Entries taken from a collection
..........

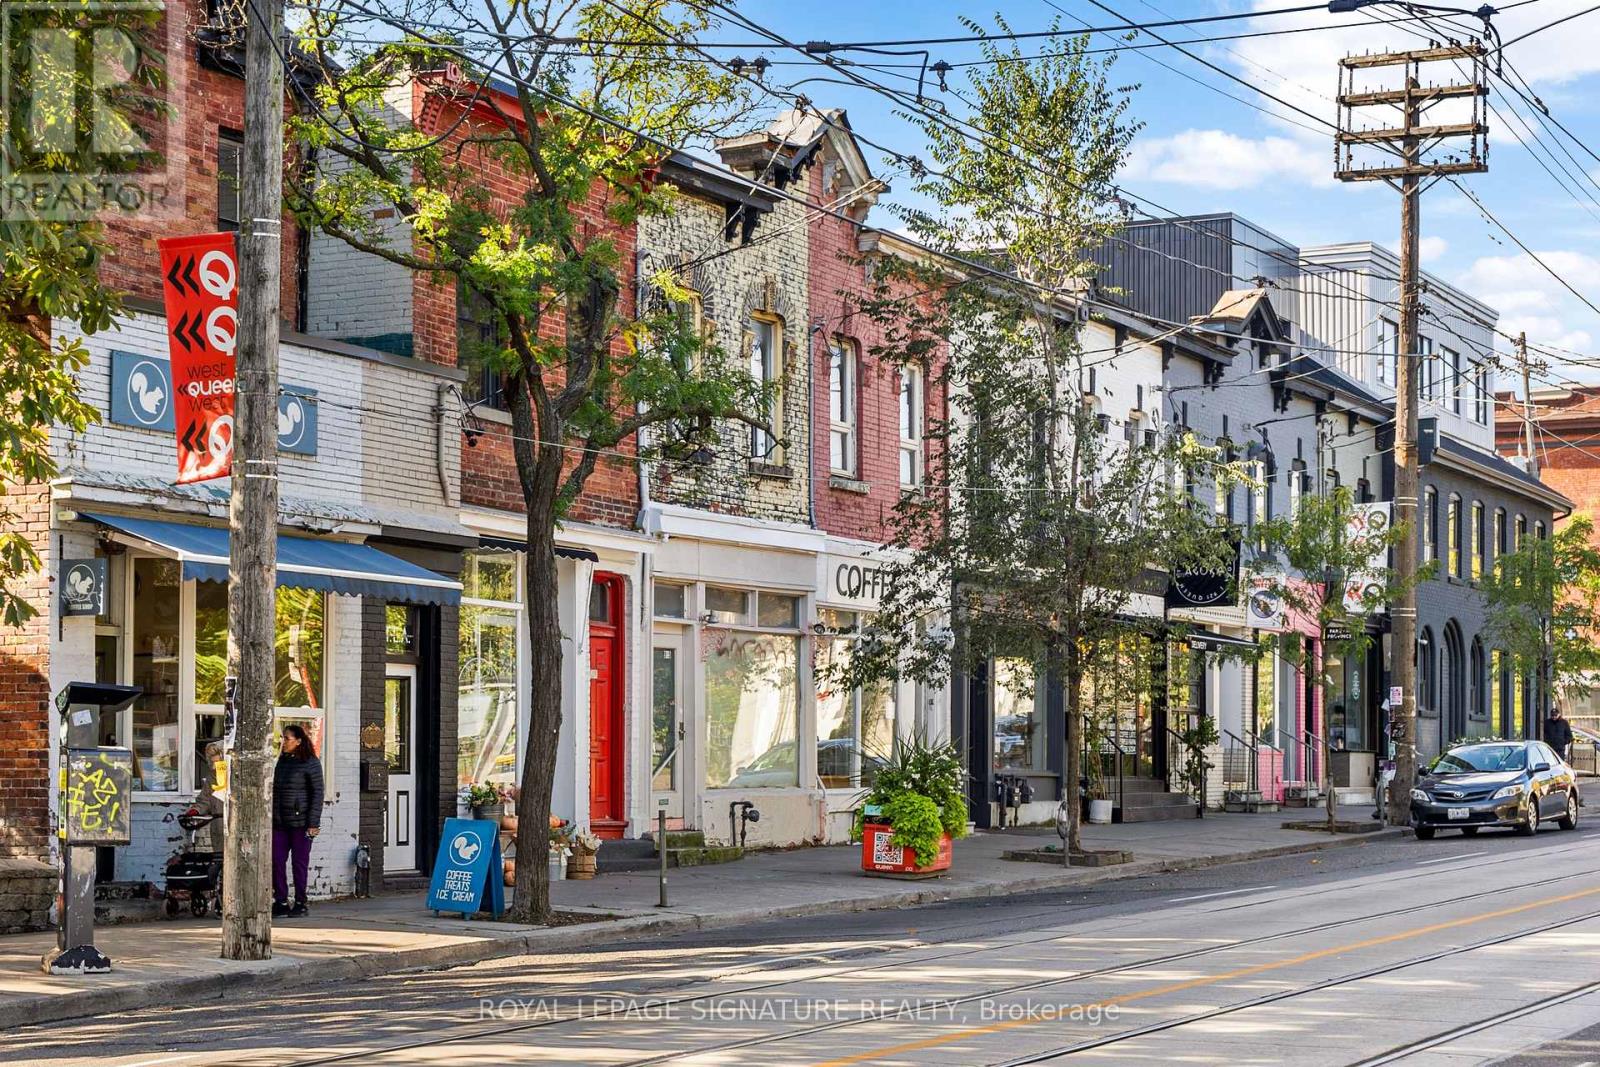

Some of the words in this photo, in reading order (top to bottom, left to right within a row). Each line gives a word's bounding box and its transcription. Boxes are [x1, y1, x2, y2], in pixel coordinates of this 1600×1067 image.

[199, 250, 236, 300] Q
[206, 306, 237, 356] Q
[187, 363, 227, 379] west
[189, 396, 227, 412] west
[446, 869, 473, 882] COFFEE
[445, 880, 471, 892] TREATS
[436, 888, 450, 900] ICE
[451, 890, 475, 902] CREAM
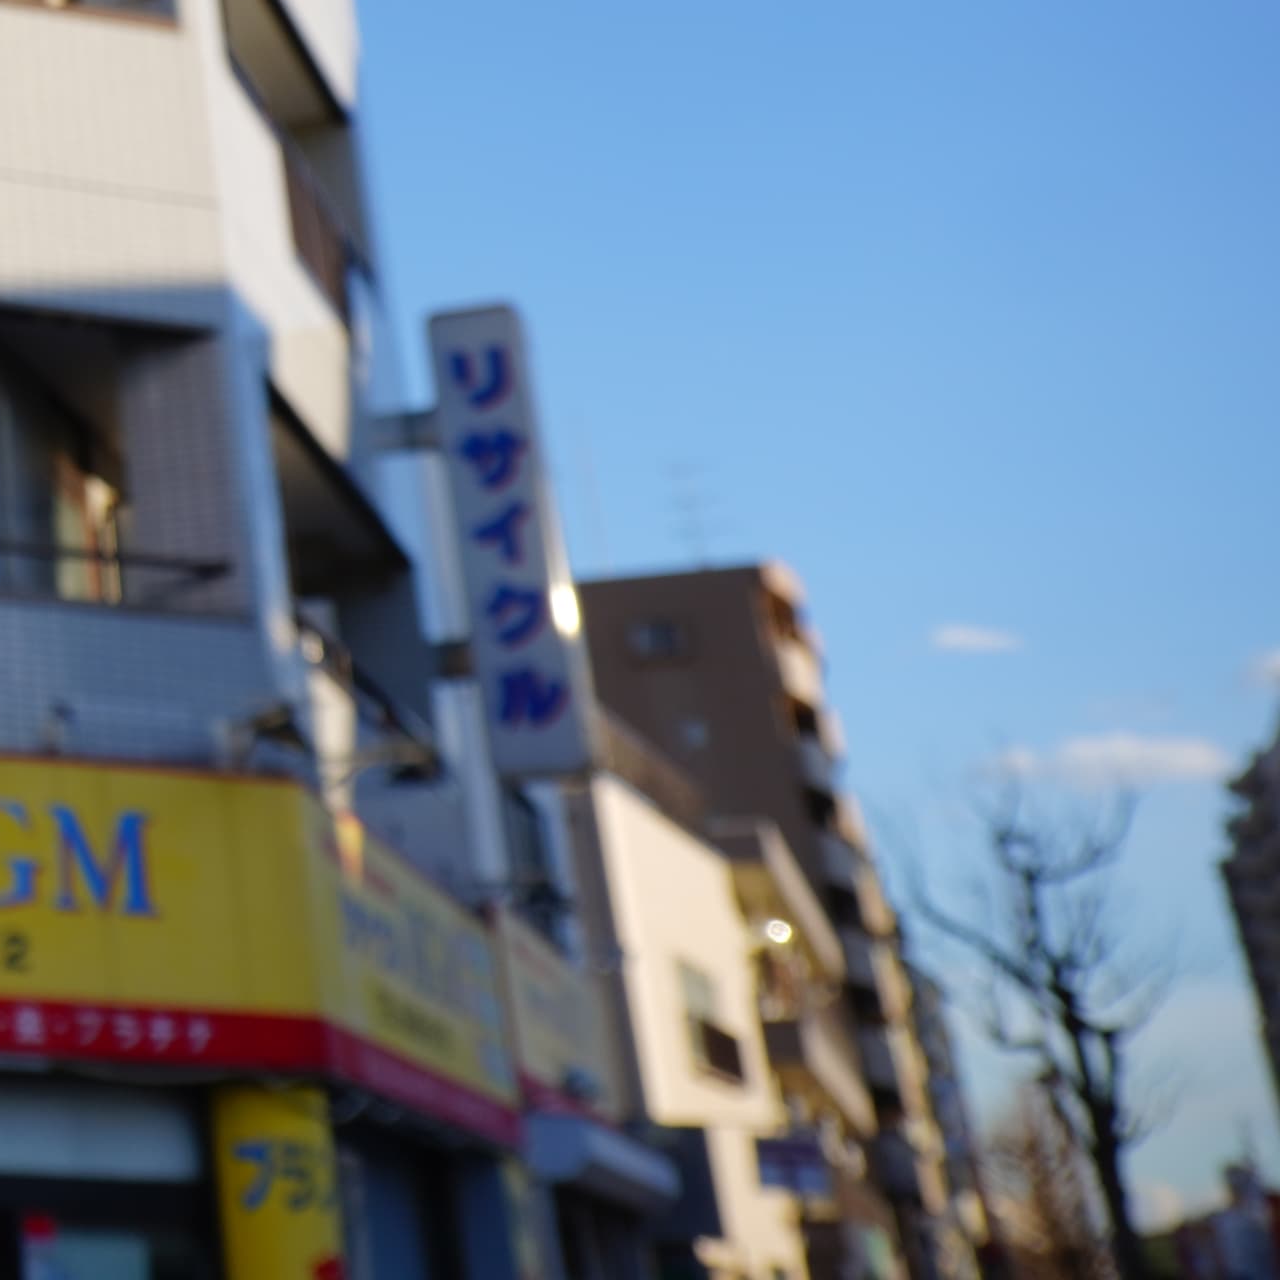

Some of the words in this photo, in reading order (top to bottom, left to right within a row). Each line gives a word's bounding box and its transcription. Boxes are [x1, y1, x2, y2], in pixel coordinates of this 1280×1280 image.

..........

# EXERCISE
The answer must match the entries above line for line, with the pictures dropped.

# TASK RESPONSE
Some of the words in this photo, in reading order (top to bottom, left to right within a row). Each line gives a word's bounding box and its transcription. Boxes are [x1, y1, x2, y2], in pixel coordinates of this 1600×1067 image.

[199, 250, 236, 300] Q
[206, 306, 237, 356] Q
[187, 363, 227, 379] west
[189, 396, 227, 412] west
[446, 869, 473, 882] COFFEE
[445, 880, 471, 892] TREATS
[436, 888, 450, 900] ICE
[451, 890, 475, 902] CREAM

Some of the words in this photo, in reading order (top to bottom, left to right within a row). Each line gives a word's bounding box and its transcription. Boxes are [x1, y1, x2, y2], in pixel coordinates of this 1280×1280 image.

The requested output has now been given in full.